Un appel contre la peine de mort

L’«Associazone ital­iana per la Lib­ertà del­la Cul­tura » a dif­fusé un appel con­tre la peine de mort, auquel « Témoins » se fait naturelle­ment un devoir de faire écho, et dont nous espérons que la tra­duc­tion que nous avons sous les yeux, établie par André Prud­hom­meaux, con­tribuera à ren­dre cette ini­tia­tive autrement effi­cace que n’aurait pu faire le texte « français » établi d’abord à Rome.
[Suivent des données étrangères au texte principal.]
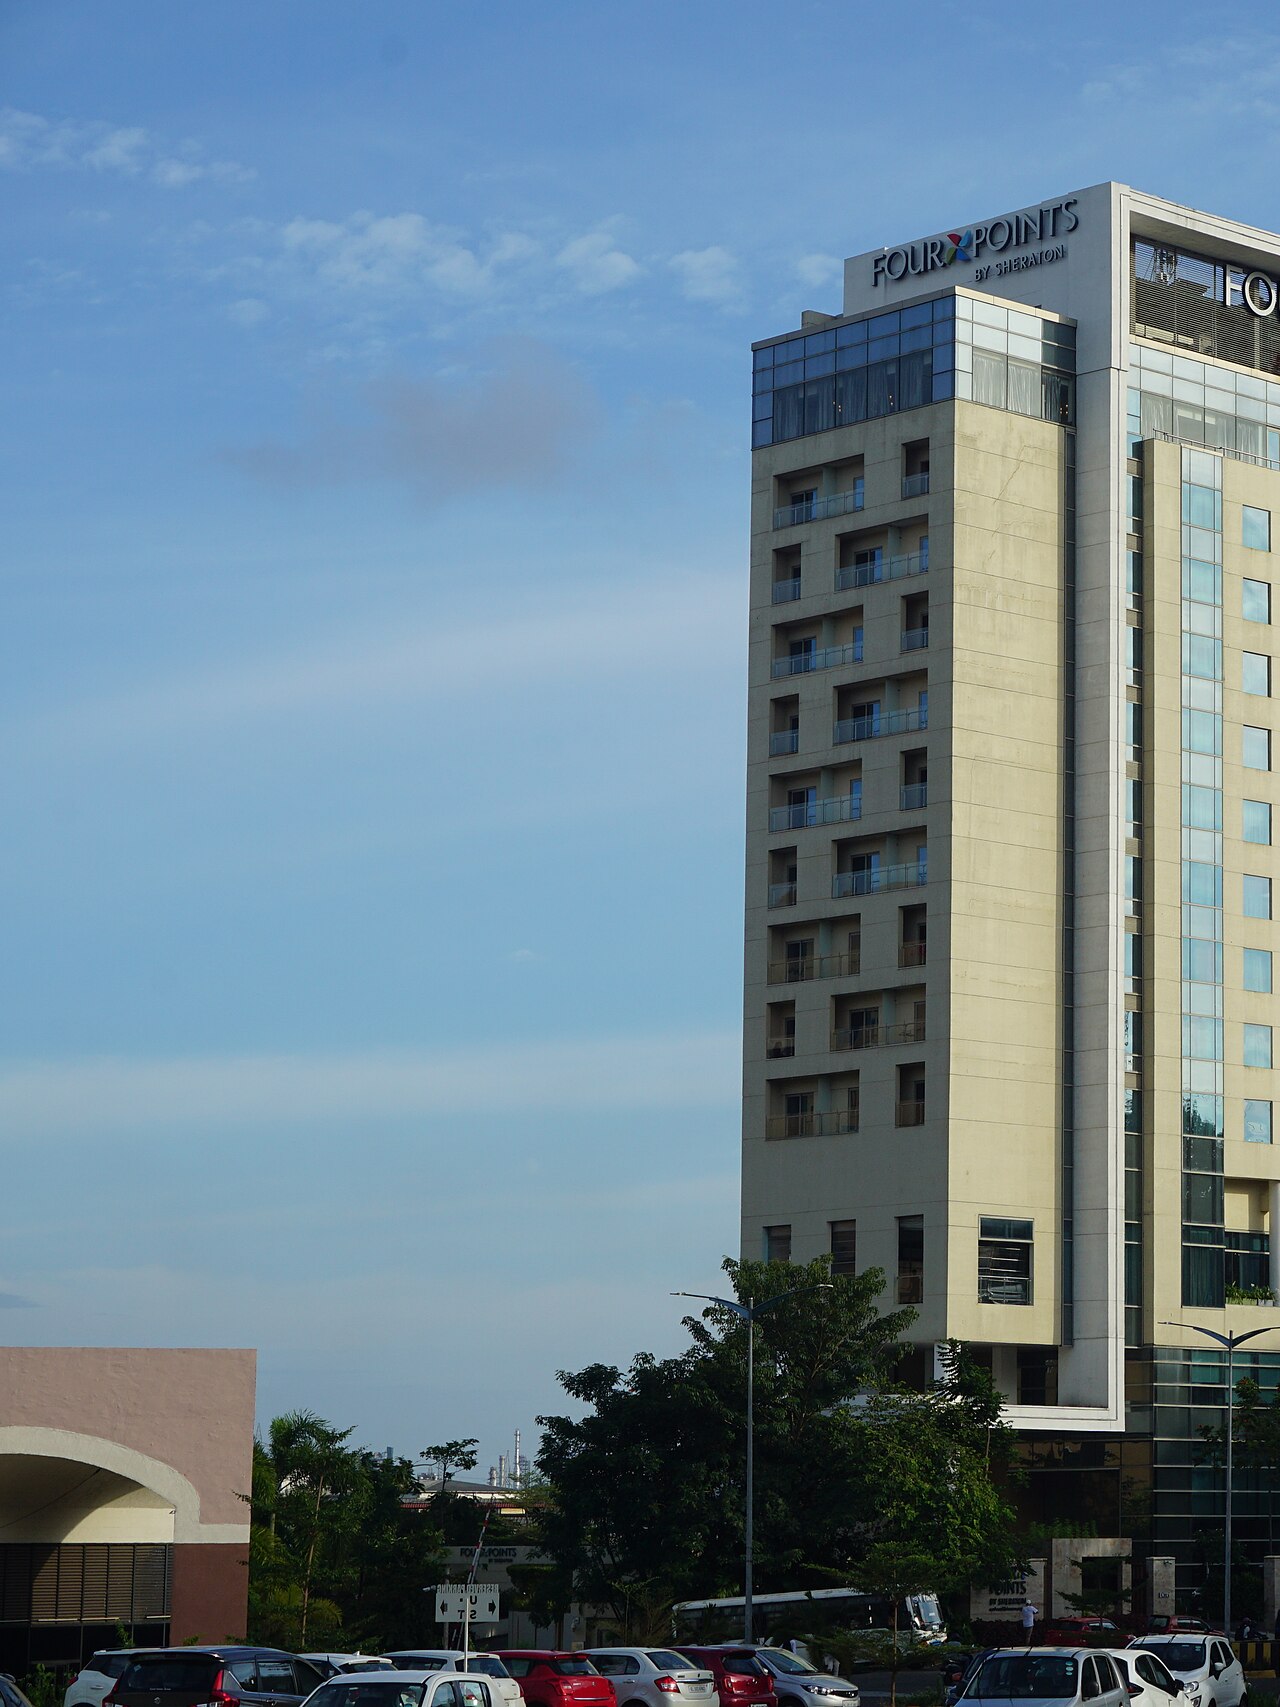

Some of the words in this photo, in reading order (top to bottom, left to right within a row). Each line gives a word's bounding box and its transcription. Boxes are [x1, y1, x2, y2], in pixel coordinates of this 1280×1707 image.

Nous lisons dans cet appel :

« Il y a deux siè­cles, on crut qu’une seule voix (celle de Bec­ca­ria) suf­fi­rait à faire tomber les potences en Europe. Le moment est venu d’écouter à nou­veau cette voix, de lui faire écho, d’en faire la voix des mul­ti­tudes ; aus­si longtemps qu’il sera per­mis de tuer un homme, il ne pour­ra y avoir de paix entre les hommes. La faute n’en est pas aux gou­verne­ments, la faute n’en est pas aux juges, la faute n’en est pas aux bour­reaux. La faute en est à ceux qui acceptent et se taisent. Nous sommes tous respon­s­ables de la peine de mort… Nous ressen­tons tous le même remords, après l’assassinat de Slan­sky et celui des Rosenberg. »

Ou encore :

« Il faut arracher à la peine de mort le man­teau d’austérité juridique dont elle est déguisée. Ce man­teau arraché, reste le meurtre. Tout le monde sent que, tout au moins dans les dél­its poli­tiques, la peine de mort, plus qu’un acte de jus­tice, est un acte de guerre civile des­tiné à sup­primer le rival, à faire taire l’opposant. La même chose est vraie pour tous les dél­its : la peine de mort est tou­jours un acte de guerre civile qui, déni­ant à un homme la vie, dénie le principe même de la cohab­i­ta­tion, de la coex­is­tence humaine. »

Comité d’initiative : E. E. Agno­let­ti, Piero Cala­man­drei, N. Chiara­monte, Fer­ruc­cio Par­ri, Igni­azio Silone, B. Tec­chi, C. Tumiati, Lionel­lo Venturi.

Rome, Piaz­za Accad­e­mia di San Luca, 75.